Shop Talk: How to utilize sheathing fabrics


For example, in the illustrations, the hull section "A" above has been covered from sheer to sheer in one piece of cloth, even over the protruding skeg. Several things are wrong with such a practice. In the example, no corners have been radiused which means that the cloth will pull away from these areas. Even if the corners were radiused, there would be a problem keeping the cloth in position in one area while another area was being worked. Even on a small boat, it would be very difficult to work an area with this many surface direction changes before the resin set up. In short, the job would probably turn out a mess.

The other examples ("B" and "C") show the correct manner in utilizing the cloth. Whenever possible, all hull appendages should be removed and the cloth then applied after proper surface preparation. If an appendage (such as the skeg in the "C" example) cannot be removed, then at least the inside corners should be filleted or fitted with cant strips. In this case, the bottom panels lap only partially onto the skeg each side, and a small piece of cloth is used to cap the skeg.

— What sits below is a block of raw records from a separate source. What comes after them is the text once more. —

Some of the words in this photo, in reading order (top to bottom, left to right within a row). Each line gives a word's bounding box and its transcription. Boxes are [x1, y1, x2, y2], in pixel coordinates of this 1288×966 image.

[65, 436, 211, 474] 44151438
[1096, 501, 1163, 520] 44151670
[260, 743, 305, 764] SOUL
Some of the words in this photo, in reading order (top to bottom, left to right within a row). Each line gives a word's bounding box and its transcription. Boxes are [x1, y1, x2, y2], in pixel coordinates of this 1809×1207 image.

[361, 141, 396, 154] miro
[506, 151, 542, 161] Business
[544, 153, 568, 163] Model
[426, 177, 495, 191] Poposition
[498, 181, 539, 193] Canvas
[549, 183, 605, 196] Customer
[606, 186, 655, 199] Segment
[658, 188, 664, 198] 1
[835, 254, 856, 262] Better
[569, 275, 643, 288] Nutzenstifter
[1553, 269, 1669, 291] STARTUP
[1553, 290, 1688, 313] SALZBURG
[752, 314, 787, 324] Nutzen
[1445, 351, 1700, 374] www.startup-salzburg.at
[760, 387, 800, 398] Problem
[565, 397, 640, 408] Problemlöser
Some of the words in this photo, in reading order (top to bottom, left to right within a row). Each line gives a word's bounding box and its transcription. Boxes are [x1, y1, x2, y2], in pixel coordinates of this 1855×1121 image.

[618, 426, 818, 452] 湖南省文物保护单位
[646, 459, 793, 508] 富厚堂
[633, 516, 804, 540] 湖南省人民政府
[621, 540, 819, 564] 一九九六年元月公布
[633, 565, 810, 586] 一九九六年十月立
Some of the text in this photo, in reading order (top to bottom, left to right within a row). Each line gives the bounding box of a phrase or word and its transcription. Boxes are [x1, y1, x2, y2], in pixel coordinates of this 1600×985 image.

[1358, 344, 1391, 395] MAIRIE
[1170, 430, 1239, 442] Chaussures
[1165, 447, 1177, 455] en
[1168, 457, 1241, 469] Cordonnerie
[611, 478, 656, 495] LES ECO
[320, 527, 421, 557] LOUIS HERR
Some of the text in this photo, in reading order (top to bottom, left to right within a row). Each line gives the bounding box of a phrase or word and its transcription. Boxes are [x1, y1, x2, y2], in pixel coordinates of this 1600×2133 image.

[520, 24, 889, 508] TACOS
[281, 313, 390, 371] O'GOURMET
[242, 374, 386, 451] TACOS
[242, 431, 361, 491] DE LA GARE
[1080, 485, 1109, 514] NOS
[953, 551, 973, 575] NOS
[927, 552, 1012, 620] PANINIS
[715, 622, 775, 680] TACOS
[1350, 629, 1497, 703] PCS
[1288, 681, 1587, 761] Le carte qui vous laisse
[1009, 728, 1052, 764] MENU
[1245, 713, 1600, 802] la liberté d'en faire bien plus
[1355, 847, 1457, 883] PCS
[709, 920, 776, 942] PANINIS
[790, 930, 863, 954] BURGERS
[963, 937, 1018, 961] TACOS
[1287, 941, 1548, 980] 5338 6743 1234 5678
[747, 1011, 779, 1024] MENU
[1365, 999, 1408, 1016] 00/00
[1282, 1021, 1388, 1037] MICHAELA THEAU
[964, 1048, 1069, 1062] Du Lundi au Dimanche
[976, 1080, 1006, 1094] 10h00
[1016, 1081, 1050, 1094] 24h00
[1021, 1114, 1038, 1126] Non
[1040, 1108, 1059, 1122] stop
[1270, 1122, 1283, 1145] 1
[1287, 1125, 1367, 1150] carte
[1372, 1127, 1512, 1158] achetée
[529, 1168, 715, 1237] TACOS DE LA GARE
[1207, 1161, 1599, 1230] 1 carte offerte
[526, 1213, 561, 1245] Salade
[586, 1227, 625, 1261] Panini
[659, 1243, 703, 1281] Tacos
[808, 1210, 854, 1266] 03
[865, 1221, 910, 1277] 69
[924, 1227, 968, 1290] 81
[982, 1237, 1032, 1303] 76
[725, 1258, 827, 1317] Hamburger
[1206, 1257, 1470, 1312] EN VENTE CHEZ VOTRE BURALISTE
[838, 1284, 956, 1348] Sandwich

Where the boat is fairly large, it is often better to do the bottom in two panels per side. The reason is much the same as in the first example. There will be a tendency for the material to pull away from the skeg as the material is worked closer to the chine edge. It can also be difficult to work such a large area fast enough.

The example "B" will prove the easiest to apply because the appendages have been removed thereby reducing the number of surfaces to be covered at one time. After the application, the appendages are reinstalled. These can be bedded in resin saturated scraps of cloth or mat for bonding in place. Or if they are to be removable in the future, they are best bedded in a non-hardening marine-type mastic.